Andrew Jackson

Andrew was born at a settlement on the banks of Crawford’s Branch of Waxhaw Creek in South Carolina on March 15, 1767, the third son of immigrant parents from northern Ireland. His father died 2 days before he was born. He lost 3 siblings at an early age.

Some of Andrew’s early influences were the American Revolution in which he served as a mounted courier at the age of 13. Both Andrew and his brother were captured by the British. Because Jackson refused to polish the boots of the British officer, he was struck across the arm and face with a saber. The two boys were put in a British prison S.C., where a epidemic of small pox broke out. Mrs. Jackson got the boys release but Andrew’s brother soon died. Andrew’s mom caught the disease and soon died herself. So Andrew at the age of 15 was without no immediate family. Major Accomplishments

In 1787, Andrew became a lawyer and he set up his office in McLeanville, N.C. He soon moved his office to Nashville where he met and fell in love with Mrs. Rachel Donelson Robarb. Believing that Mr. Robarb’s had obtained a divorce, they were married in 1791. Two years later they found that this was not true and that the divorce had just then become final. A second wedding was performed. This event would effect Jackson for the rest of his life.

In 1796, Jackson was elected into the House of Representatives, representing Tennessee. He soon allied with the Jeffersonian Party criticizing Washington and his administration. After one year in the House, he moved to the Senate. He served in the Senate from September 1797 to April 1798 and then retired to private life.

In 1815, Andrew led an army of state militiamen against Britain in the Battle of New Orleans. Jackson received a lot of fame from this battle. Also that year, Jackson became commander of the South District Army. Two years later, in 1817, Andrew was ordered to “quiet” the Seminole Indian tribe who were raiding settlements in Georgia and hiding in Florida.

In 1818, Jackson pursued with a force march and captured a post at Saint Marks. He executed two British subjects because of their involvement with the Indians. The Spanish and the British were outraged over all of this. Many congressmen wished for Andrew to be reprimanded for his actions. But Secretary of State John Quincy Adams stood up for him and Monroe did nothing to Jackson. Jackson’s Florida campaign increased his popularity and without a doubt influenced Spain’s decision to sell the territory. In 1821 Jackson was appointed governor of the newly organized Florida Territory.

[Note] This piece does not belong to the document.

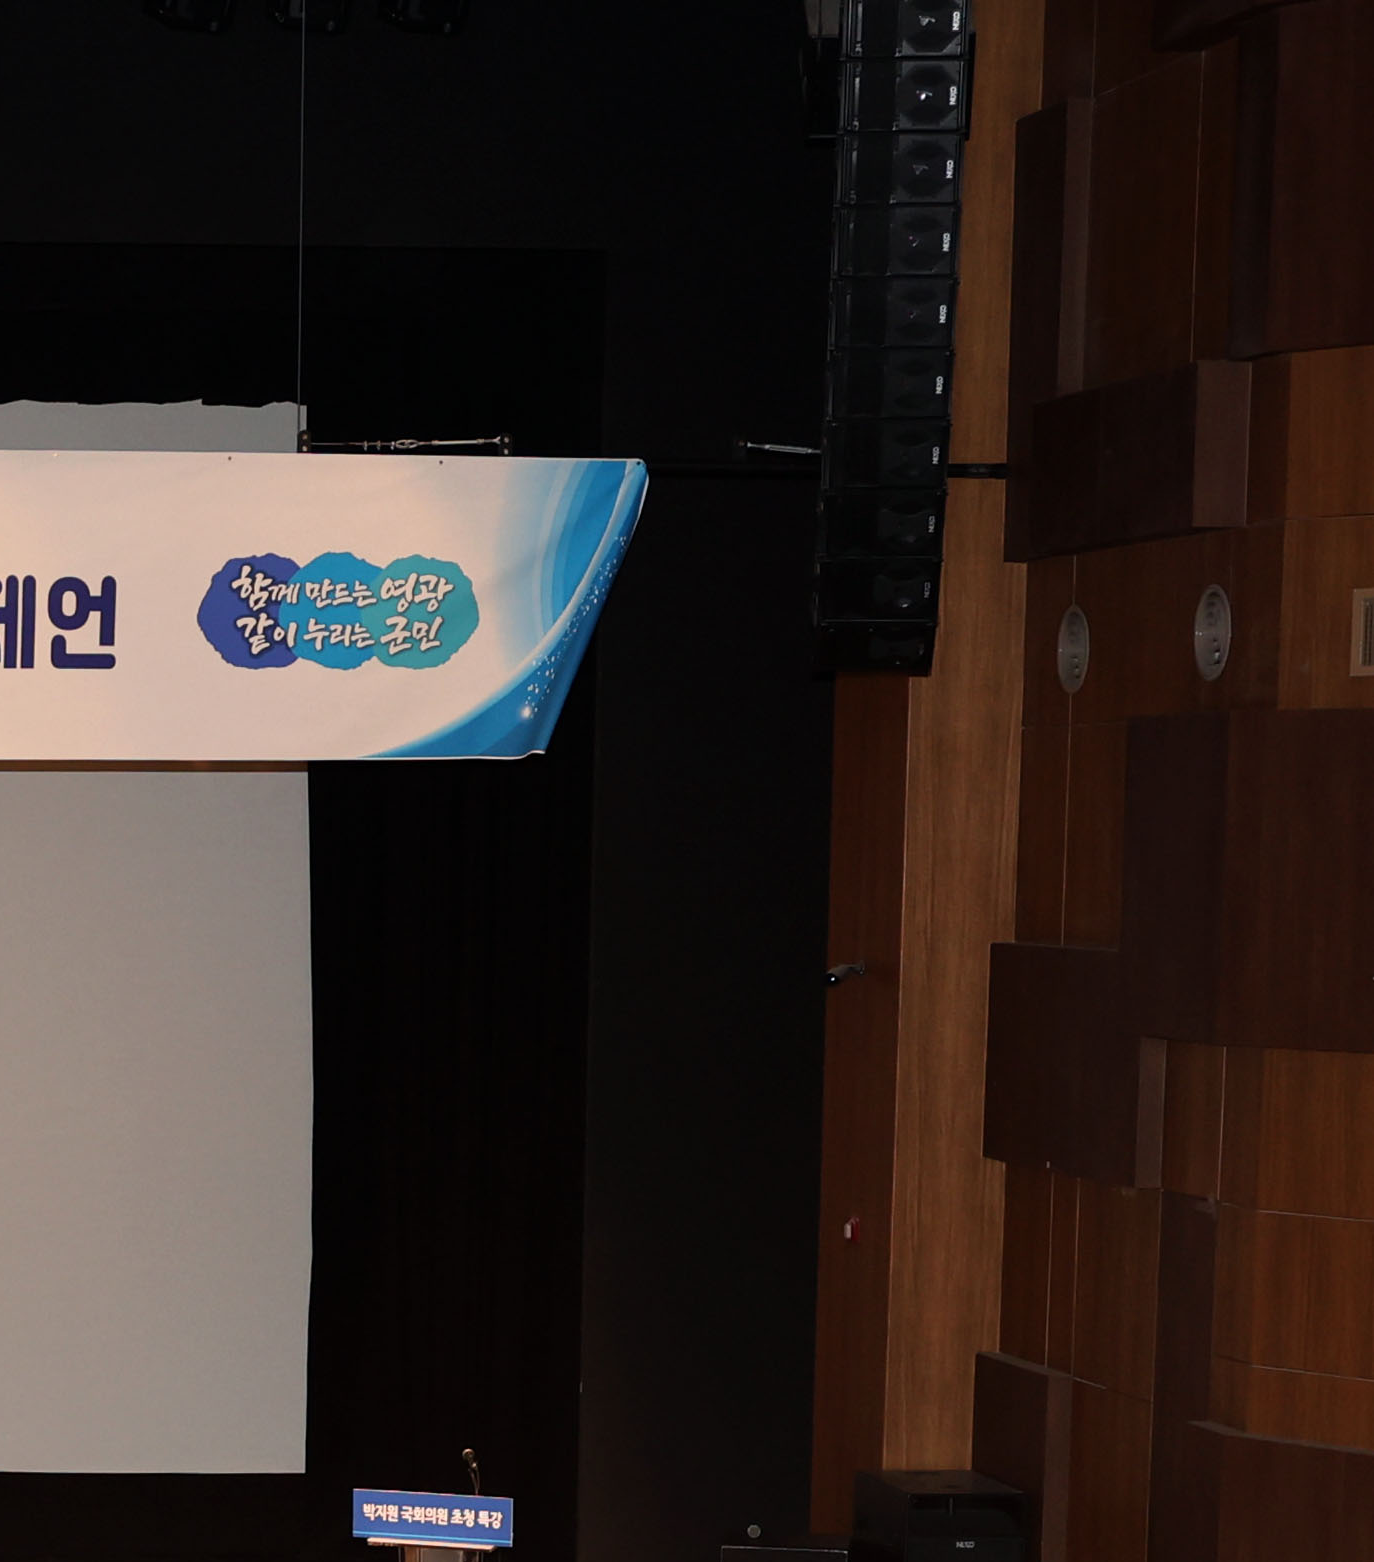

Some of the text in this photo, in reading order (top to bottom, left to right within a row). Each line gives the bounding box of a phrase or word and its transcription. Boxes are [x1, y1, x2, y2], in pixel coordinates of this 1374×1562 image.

[231, 565, 454, 613] 함께 만드는 영광
[235, 613, 444, 655] 같이 누리는 군민
[362, 1503, 503, 1529] 박지원 국회의원 초청 특강

In 1824, Jackson became a Presidential candidate but lost after but lost after the House of Reps voted for Adams. In 1828, Jackson again ran for President. But this time he was determined to win. Jackson won the election this time. As a President he practiced the spoil system. His cabinet was comprised mostly of his friends. By the end of Jackson’s second term the army had forcefully removed most of the eastern Indian tribes to new homes.


Andrew Jackson was a good President. He believed in letting average men run politics. He served his country countless times in the army. Andrew was a brave individual that was scared by very little. Jackson was successful in foreign affairs during his Presidency. Many saw Jackson and his policies as the reflection of the frontier spirit, which they considered the essence of the American democracy.

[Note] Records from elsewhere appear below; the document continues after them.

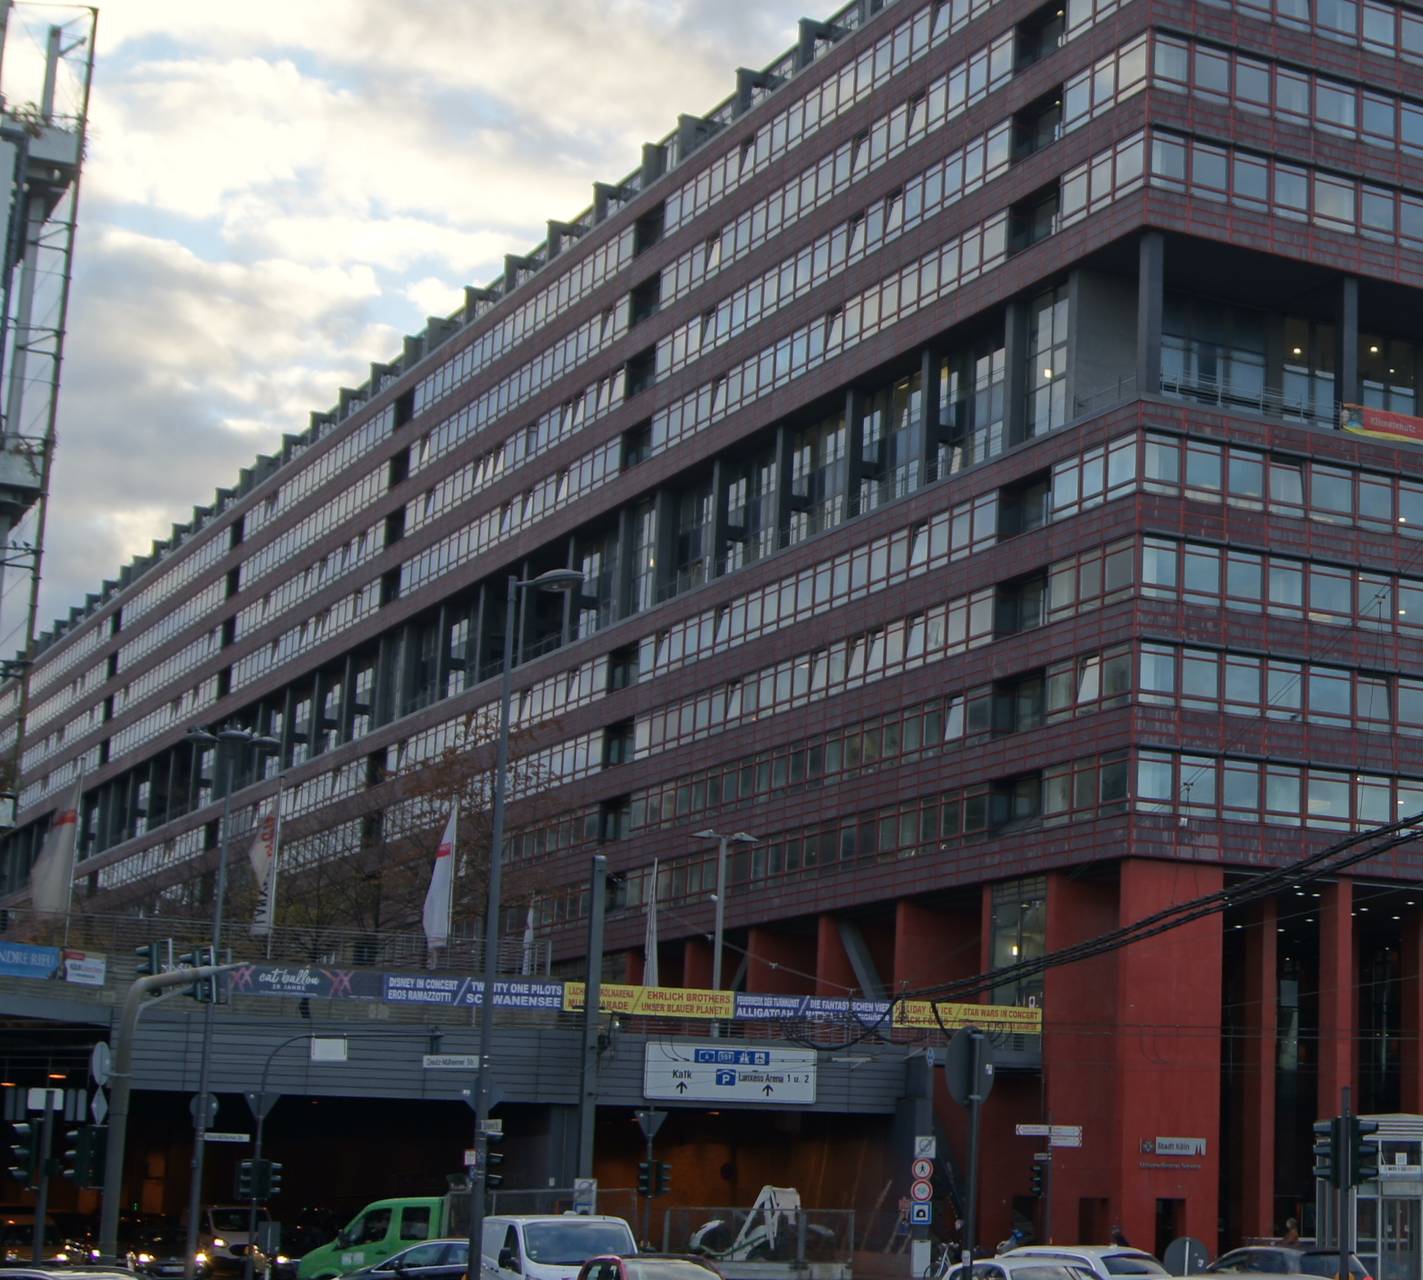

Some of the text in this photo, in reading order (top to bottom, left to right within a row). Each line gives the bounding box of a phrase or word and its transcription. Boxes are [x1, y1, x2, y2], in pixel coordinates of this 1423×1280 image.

[389, 976, 458, 991] DISNEY IN CONCERT
[472, 981, 562, 995] TWTY ONE PILOTS
[388, 990, 407, 1000] EROS
[408, 990, 452, 1002] RAMAZZOTTI
[466, 993, 561, 1008] SCWANENSEE
[647, 990, 731, 1004] EHRLICH BROTHERS
[666, 1003, 694, 1013] BLAUER
[695, 1004, 723, 1015] PLANET
[810, 1000, 821, 1009] DIE
[822, 1000, 874, 1012] FANTASTSCHEN
[1008, 1010, 1038, 1020] CONCERT
[672, 1069, 692, 1079] Kalk
[765, 1073, 784, 1083] Arena

John C. Calhoun was Jackson’s first V.P. Calhoun disagreed with Jackson on a lot of issues. Calhoun eventually resigned.

Martin Van Buren was Jackson’s second V.P. Jackson believed in Van Buren and helped to make sure Van Buren became the next President.

Andrew Jackson was in many duels during his lifetime. Many of these duels resulted from people saying things about his wife. The duel with Charles Dickinson in 1806 stands out as an example of his characteristic refusal even to think of defeat. He knew Dickinson was faster and better shot. Jackson planned on killing Charles with one shot so he took a bullet in the chest and, without flinching, calmly killed Dickinson.


By 1836 Jackson was weak from tuberculosis and had no thought of seeking a third term. The last day of Jackson’s presidency thousands of people came to give Jackson a bid good-bye. Andrew Jackson retired to Hermitage. On June 8, 1845 Andrew Jackson died at his home at the Hermitage, where he was buried next to his wife Rachel.